Each line of the data must reappear exactly in your answer, with no images included.

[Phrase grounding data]
== Segment start ==

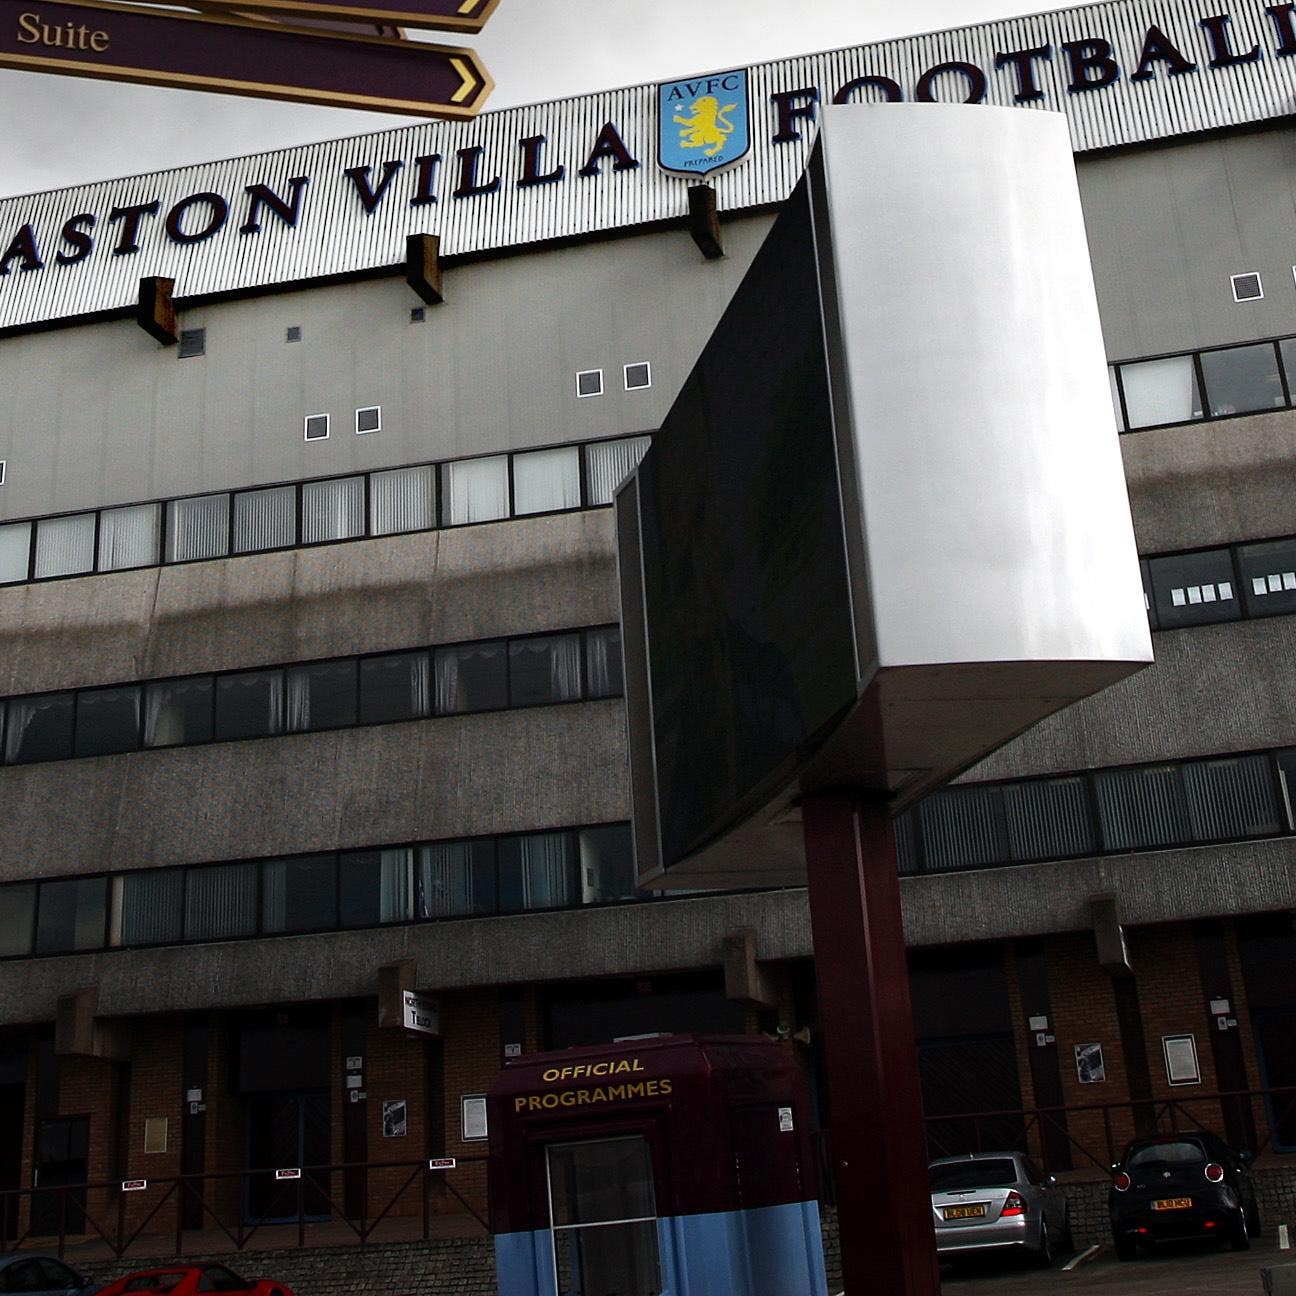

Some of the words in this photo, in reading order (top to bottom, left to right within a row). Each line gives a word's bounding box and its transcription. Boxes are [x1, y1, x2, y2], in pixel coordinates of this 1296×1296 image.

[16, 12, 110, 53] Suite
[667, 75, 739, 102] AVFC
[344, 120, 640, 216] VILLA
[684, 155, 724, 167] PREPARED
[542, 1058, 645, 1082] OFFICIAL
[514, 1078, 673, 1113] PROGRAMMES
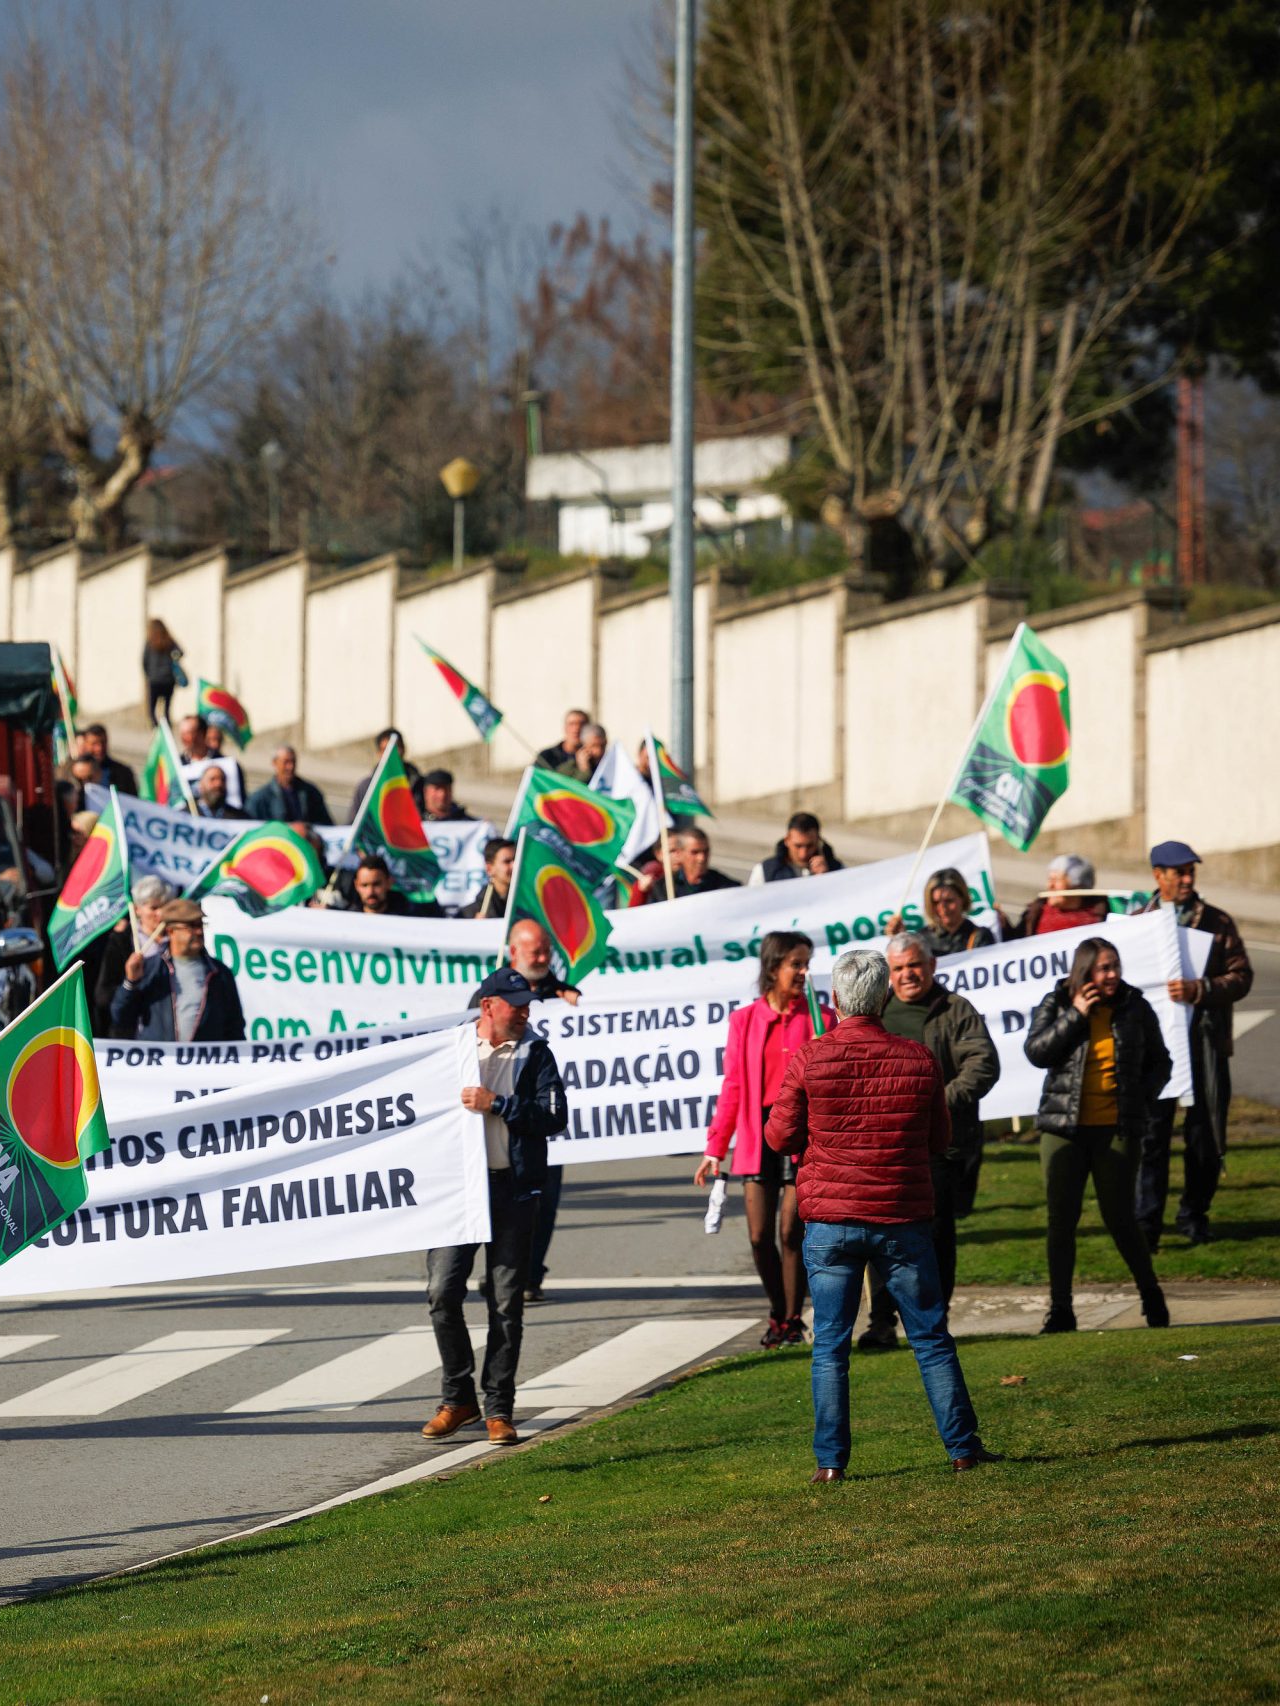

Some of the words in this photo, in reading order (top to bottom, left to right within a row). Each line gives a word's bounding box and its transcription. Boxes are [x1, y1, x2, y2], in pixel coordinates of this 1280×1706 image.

== Segment end ==

Task response:
Some of the words in this photo, in reading order (top to bottom, left to right within a row). Each line gives a word's bounding box and its transcription. Boxes are [x1, y1, x2, y2], in pixel coordinates of this 1296×1296 image.

[16, 12, 110, 53] Suite
[667, 75, 739, 102] AVFC
[344, 120, 640, 216] VILLA
[684, 155, 724, 167] PREPARED
[542, 1058, 645, 1082] OFFICIAL
[514, 1078, 673, 1113] PROGRAMMES

Some of the words in this photo, in reading order (top to bottom, left to right within a row). Each line gives a word's bounding box and its transcription. Boxes are [x1, y1, x2, y2], in pixel coordinates of this 1280×1706 image.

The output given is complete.